8. Ms Ursula submitted that, the items which were robbed of the complainants were recovered from the Appellant soon after the said robbery pursuant to investigation (phone tracking of PW1) by PW4 a police officer and therefore the Appellant was presumed to have stolen the said items from the said complainants.
9. The Respondent sought reliance Odunga J holding in Cri App No. 49 of 2011 R -Vs- Jamal Masaku Ngea as follows: -“Proof in criminal cases can either be by direct evidence or circumstantial evidence, when witnesses such as eye witness, asserts actual knowledge of a fact, that witness testimony is direct evidence. On the other hand, evidence of facts circumstances from where reasonable…… may be drawn in circumstantial evidence. Therefore, where circumstantial evidence meets the legal threshold it may well be a basis for finding the accused person culpable of the offence charged”.
10. The Respondent further urged, that the principles to be applied in order to determine whether circumstantial evidence adduced in a case are sufficient to sustain a conviction were applied by the Trial Court as is enshrined in Abanga Alias Onyango vs R CRA32 of 1990 (UR) as follows: -“it is settled law that when a case vests solely on circumstantial evidence such evidence must satisfy three (3) tests…….i)the circumstances from which an inference of guilt is sought to be drawn, must be cogently and firmly established; (ii)those circumstances should be of a definite tendency unerringly pointing towards the guilt of the accused; and (iii) the circumstances taken cumulatively should form a chair so complete that there is no escape from the conclusion that, with all human probability the crime was committed by the accused and non-else”

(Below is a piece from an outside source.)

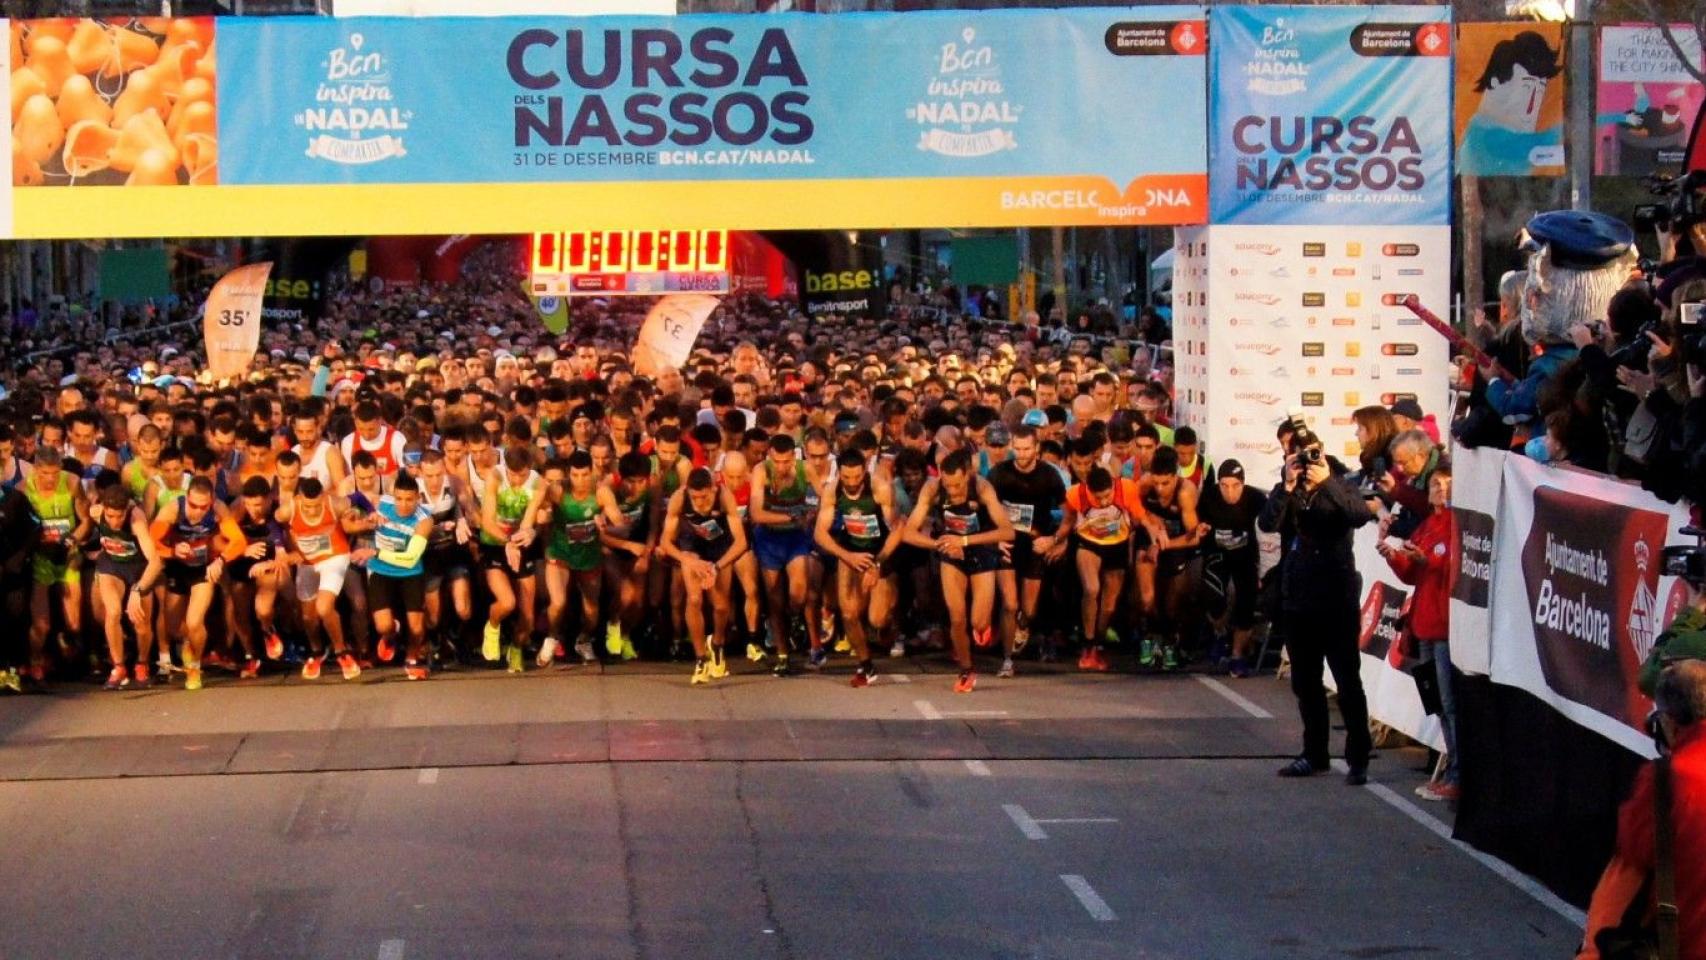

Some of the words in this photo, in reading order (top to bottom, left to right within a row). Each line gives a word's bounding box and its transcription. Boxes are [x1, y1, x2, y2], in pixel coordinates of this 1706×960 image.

11. The Respondent sought reliance Odunga J holding in Cri App No. 49 of 2011 R -Vs- Jamal Masaku Ngea as follows: -“Proof in criminal cases can either be by direct evidence or circumstantial evidence, when witnesses such as eye witness, asserts actual knowledge of a fact, that witness testimony is direct evidence. On the other hand, evidence of facts circumstances from where reasonable…… may be drawn in circumstantial evidence. Therefore, where circumstantial evidence meets the legal threshold it may well be a basis for finding the accused person culpable of the offence charged”.

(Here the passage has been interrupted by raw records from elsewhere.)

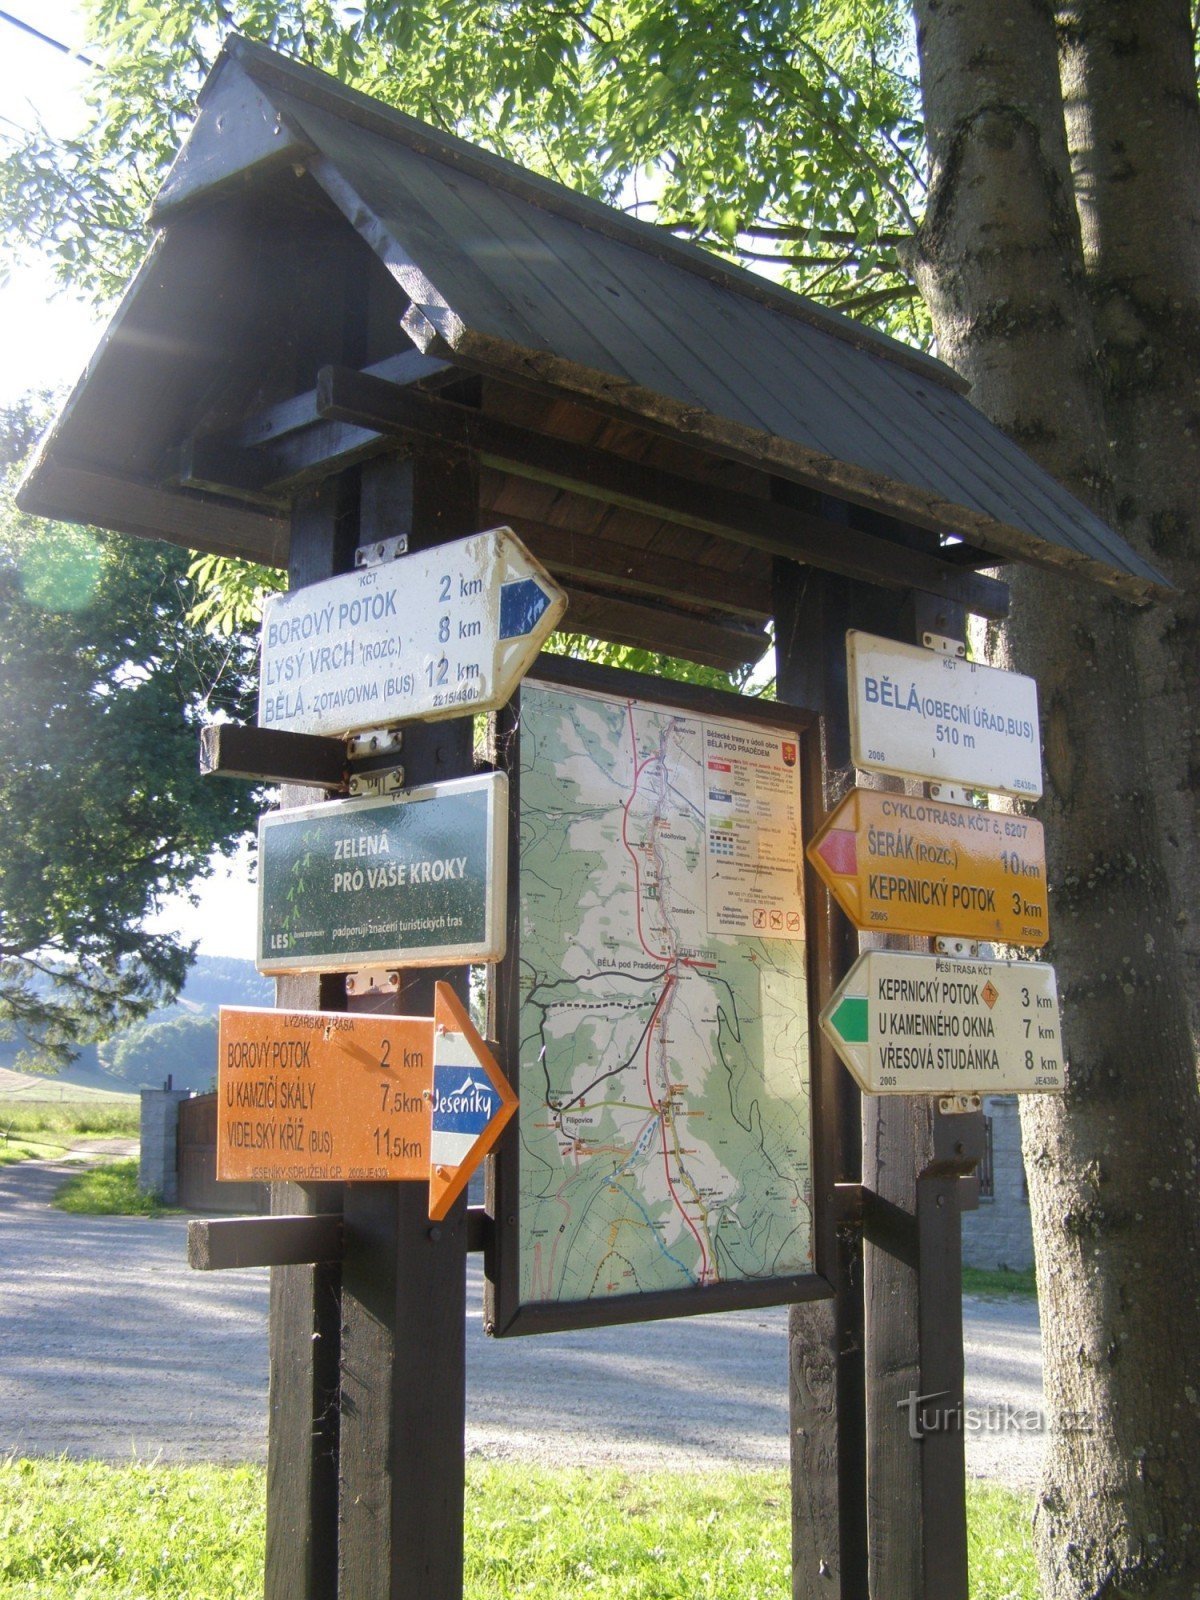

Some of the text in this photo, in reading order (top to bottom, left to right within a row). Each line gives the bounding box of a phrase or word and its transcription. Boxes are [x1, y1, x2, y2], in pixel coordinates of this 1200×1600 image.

[359, 572, 377, 587] KČT
[268, 575, 482, 648] BOROVÝ POTOK 2 km
[267, 648, 304, 685] LYSÝ
[309, 640, 354, 674] VRCH
[439, 616, 450, 643] 8
[459, 619, 481, 638] km
[943, 657, 957, 670] KČT
[383, 673, 415, 701] (BUS)
[426, 659, 449, 687] 12
[457, 662, 479, 681] km
[865, 676, 921, 715] BĚLÁ
[922, 698, 970, 725] (OBECNÍ
[707, 739, 770, 756] BĚLÁ POD PRADĚDEM
[731, 734, 745, 745] trasy
[936, 724, 975, 748] 510 m
[868, 750, 885, 761] 2006
[882, 802, 1027, 839] CYKLOTRASA KČT č. 6207
[334, 829, 390, 860] ZELENÁ
[868, 824, 914, 860] ŠERÁK
[1001, 851, 1020, 876] 10
[1022, 859, 1040, 878] km
[333, 857, 468, 893] PRO VAŠE KROKY
[672, 906, 695, 915] Domašov
[869, 876, 1042, 918] KEPRNICKÝ POTOK 3 km
[400, 915, 445, 932] turistických
[447, 914, 463, 927] tras
[597, 958, 666, 970] BĚLÁ pod Pradědem
[953, 964, 977, 975] TRASA
[978, 964, 992, 976] KČT
[879, 977, 1052, 1008] KEPRNICKÝ POTOK 3 km
[879, 1010, 1055, 1039] U KAMENNÉHO OKNA 7 km
[228, 1036, 423, 1068] BOROVÝ POTOK 2 km
[880, 1042, 1057, 1070] VŘESOVÁ STUDÁNKA 8 km
[227, 1083, 235, 1107] U
[236, 1075, 278, 1107] KAMZIČÍ
[280, 1076, 315, 1110] SKÁLY
[880, 1076, 897, 1086] 2005
[433, 1089, 491, 1120] Jeseníky
[566, 1117, 593, 1125] Filipovice
[227, 1116, 276, 1149] VIDELSKÝ
[279, 1117, 304, 1151] KŘÍŽ
[309, 1131, 333, 1158] (BUS)

Prosecution Case 12. I have carefully considered the submissions made. Before I give the reasons for my decision, we shall set out the facts of this case, albeit briefly. On the 9th of February 2018 at 10. 00pm, while Rose Khafafa (PW1) was being massaged her legs by her house-help Caroline Boiya (PW3) in her house before briefly leaving to the corridor, she heard her screaming running back to the room having been attacked and injured while bleeding on her hands, she went into the corridor and was accosted by a person with a coat retreating back to the room and locking herself and her husband in the room, before her husband called for a police response and they were rescued after their ordeal.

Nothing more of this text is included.